En inscrivant ces deux principes dans la Charte au terme des horreurs de la Seconde Guerre Mondiale, les législateurs avaient le souci de protéger les États plus faibles et/ou les plus pauvres contre les Grands, riches et puissants, l’agressivité des forts contre les plus vulnérables étant considérée à juste titre comme le risque majeur pour la stabilité et la sécurité du monde.

Au droit des peuples à l’autodétermination (évoqué précédemment) fait écho un quatrième principe –le principe de neutralité idéologique– qui viendra se greffer sur les trois précédents. Promu par le bloc communiste et les Non-Alignés, et confirmé en 1970 par l’Assemblée Générale des Nations-Unies dans sa résolution 2625 (XXV), il conforte « le droit inaliénable de tout État à choisir son système politique, économique, social et culturel, sans aucune forme d’ingérence de la part d’un autre État ». Il ne sera pas entériné au niveau du Conseil de Sécurité, les Occidentaux ne l’acceptant pas.

Mais il garde toute sa valeur juridique, bien qu’il soit superbement ignoré par les seigneurs de l’Empire Atlantique, obsédés par leur droit divin à décider seuls du destin d’autrui.

3 – Les Nations-Unies, combien de divisions ?
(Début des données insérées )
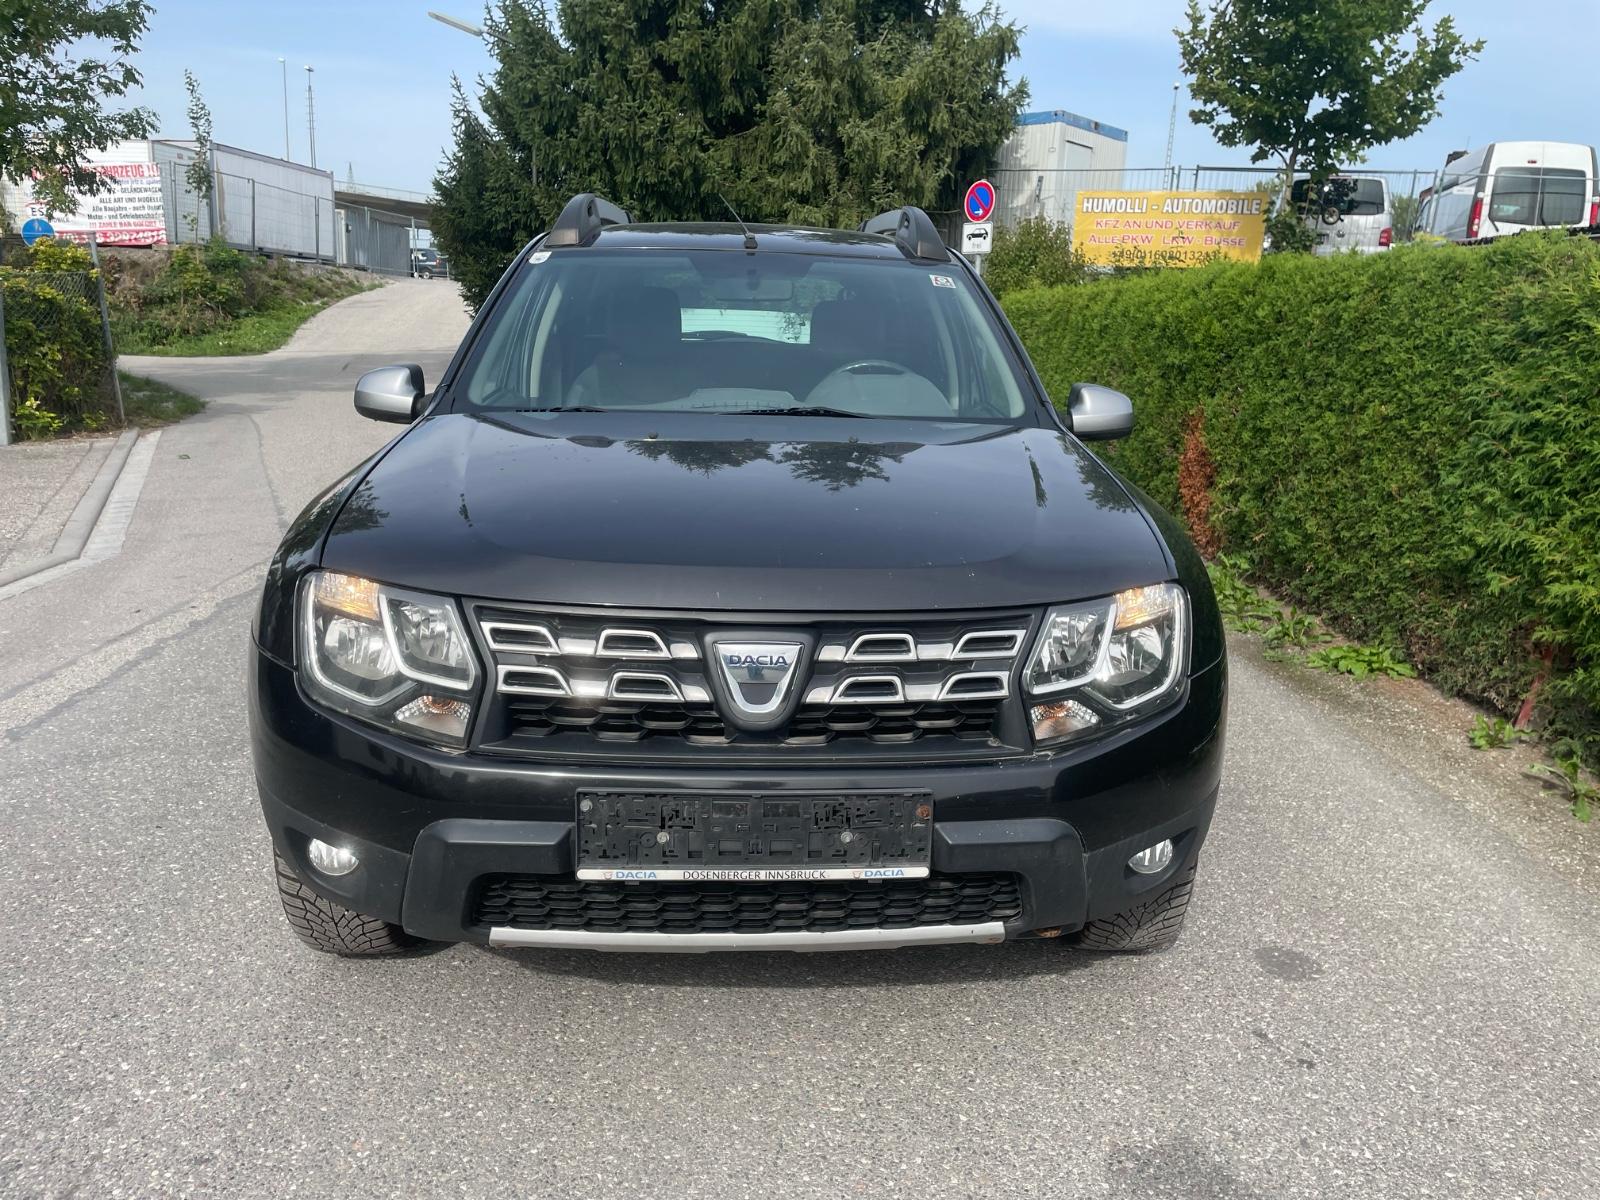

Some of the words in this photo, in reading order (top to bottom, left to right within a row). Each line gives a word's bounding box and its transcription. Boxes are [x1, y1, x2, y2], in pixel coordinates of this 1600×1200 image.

[1082, 197, 1147, 214] HUMOLLI
[1162, 198, 1262, 216] AUTOMOBILE
[1095, 219, 1120, 229] KFZ
[1122, 219, 1142, 229] AN
[1145, 219, 1173, 229] UND
[1177, 220, 1241, 230] VERKAUF
[1122, 234, 1153, 244] PKW
[1162, 235, 1195, 245] LKW
[1204, 236, 1246, 247] BUSSE
[729, 655, 789, 666] DACIA
[615, 871, 657, 880] DACIA
[683, 871, 761, 880] DOSENBERGER
[765, 870, 826, 880] INNSBRUCK
[864, 868, 905, 878] DACIA
Durant la guerre froide, ces fondamentaux sont écornés à la faveur d’une règle du jeu implicite qui en limite la portée à l’intérieur de chacun des deux blocs. Les deux Super-Grands entendent être maîtres chez eux. Les États-Unis considèrent le « monde libre » comme leur domaine, ne tolérant pas d’écart chez leurs vassaux.

Ligotés par le Plan Marshall et l’aide US à la reconstruction, s’en étant remis une fois pour toutes à l’Amérique pour leur défense contre le communisme, les Européens filent doux, heureux et soumis et qui plus est contents de l’être.

La France et la Grande-Bretagne ont même droit à des espaces de sous-traitance, notamment dans leurs empires coloniaux vacillants. Au risque de se faire rappeler à l’ordre le cas échéant. L’Amérique, qui ne se gêne pas pour faire la loi dans son arrière-cour latino-américaine, garde encore un profil bas en Afrique et dans le monde arabe, mais se réserve le droit de condamner, voire de contrer telle ou telle entreprise néocoloniale : le coup d’arrêt donné par l’ultimatum conjoint de l’Amérique et de l’URSS à la fameuse expédition tripartite franco-anglo-israélienne de 1956 contre l’Égypte de Nasser en témoigne.

Dans le camp d’en face, les principes sont défendus avec intransigeance face «à l’impérialisme», mais il faut reconnaître qu’au sein de la communauté socialiste, la doctrine Brejnev ne laisse aux pays frères qu’une «souveraineté limitée» au nom de la défense des intérêts supérieurs du communisme.

Les évolutions qui marquent l’après-guerre vont introduire des inflexions dans cet ordre gendarmesque, mais somme toute équilibré.

Les décolonisations, la création du mouvement non-aligné, l’affrontement idéologique entre les deux Mecques du communisme, Moscou et Pékin, les révoltes à l’Est contre un socialisme trop réel, la prise de distance de la France par rapport à l’Amérique au nom de l’indépendance nationale, vont amener de l’oxygène à la vie internationale.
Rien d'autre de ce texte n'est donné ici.